Ко мне подходят командиры. Вокруг моего развенчанного кепи образуется как бы военный совет.
— Выступаем, решено! Но прежде надо снестись со штабом, чтобы согласовать с ним наше участие в сражении, узнать, какие уже приняты меры.
Это бревно поперек дороги кладут нам старые солдаты.
Приходим к Клеману Тома[153].
— Дома господин генерал?
— Он сейчас не принимает.
— Нам необходимо видеть его.
— Стой!
Долой все приказы! Часовые наступили на них и раздавили их тяжестью своего гнева, как только мы бросили им в лицо зловещие новости и наше решение.
На шум появляется Клеман Тома.
Он выходит из себя и, узнав меня, обращается ко мне:
— Чего вам еще нужно?
Я кричу ему, чего мы хотим, кричат это и другие.
— Я велю задержать вас, если вы не оставите этот тон!
Мы не оставляем его... и нас никто не трогает. Но он старается подавить нас своим авторитетом и своим мнимым стратегическим опытом, — этот генерал, бывший тридцать лет назад всего-навсего кавалерийским унтер-офицером.
Он заявляет нам, что в ратуше только что совместно с корпусными командирами был разработан план действий и что наш неорганизованный поход может провалить его.

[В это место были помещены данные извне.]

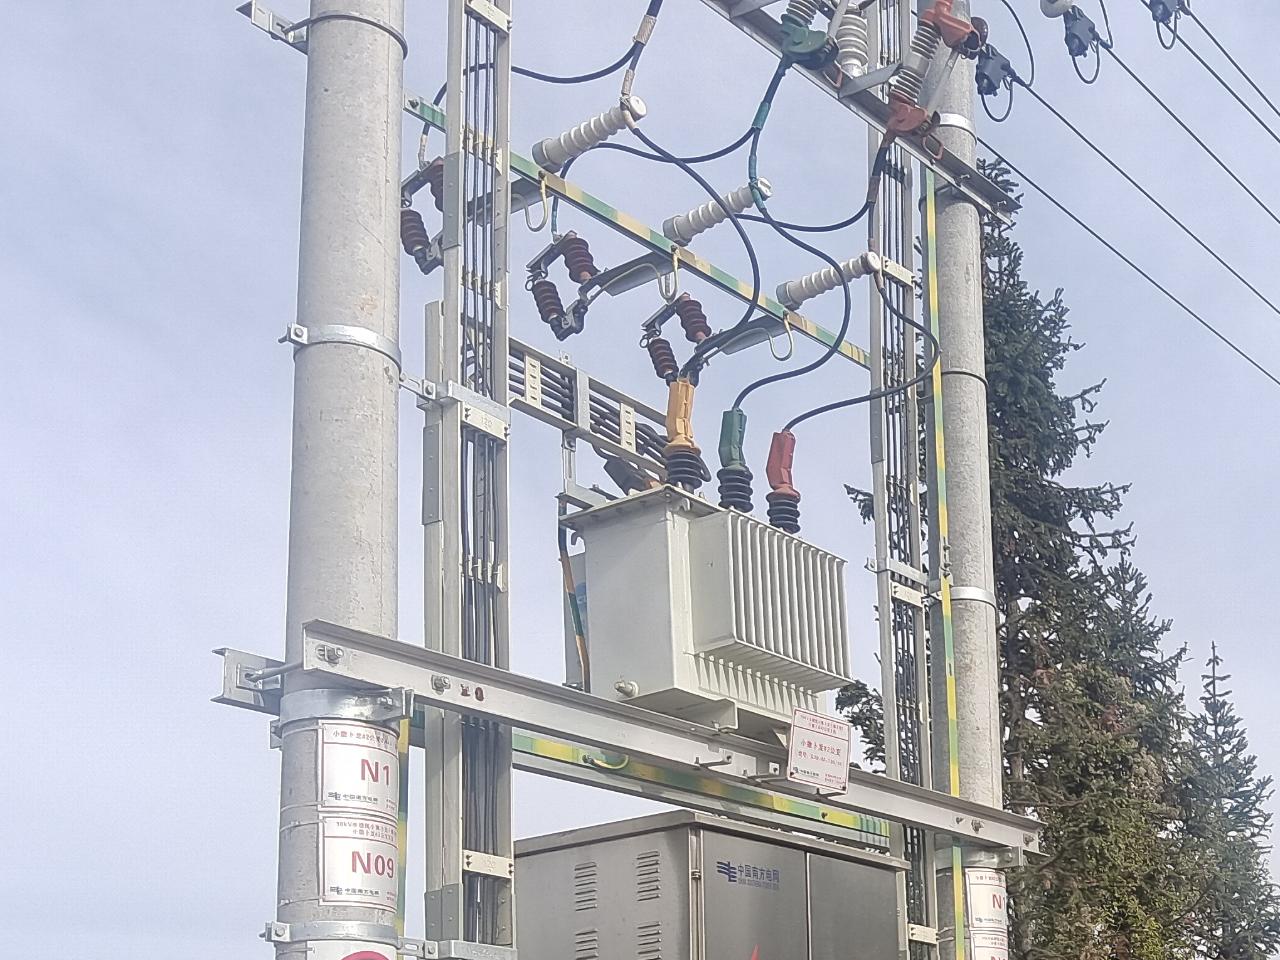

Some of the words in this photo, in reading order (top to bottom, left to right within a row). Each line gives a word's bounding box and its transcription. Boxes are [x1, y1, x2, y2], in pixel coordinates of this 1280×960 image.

— Наличные силы распределены по отрядам соответственно правилам войны и должны выступать в точно определенный момент, по условленному сигналу. Подготовлены планомерные вылазки, чтобы раздавить врага и отомстить за наших убитых... Согласитесь ли вы взять на себя ответственность за поражение, подвергнуть себя упрекам в безумии и даже в измене?
Я опустил голову и, подавленный, побрел обратно на бульвар Пуэбла, где меня ждали люди со знаменем в центре.
Нас сопровождал штабной офицер. Он пообещал, что если потребуется двинуть подкрепление в Ле-Бурже, то первым будет брошен туда 191-й батальон.
Ну что ж, хорошо! Мы легли спать со слезами на глазах и свернули знамя, намокшее под дождем и вонявшее отсыревшей шерстью, тогда как оно должно было благоухать пороховым дымом.
31 октября[154]Новые известия, еще более ужасные. Базен[155] изменил!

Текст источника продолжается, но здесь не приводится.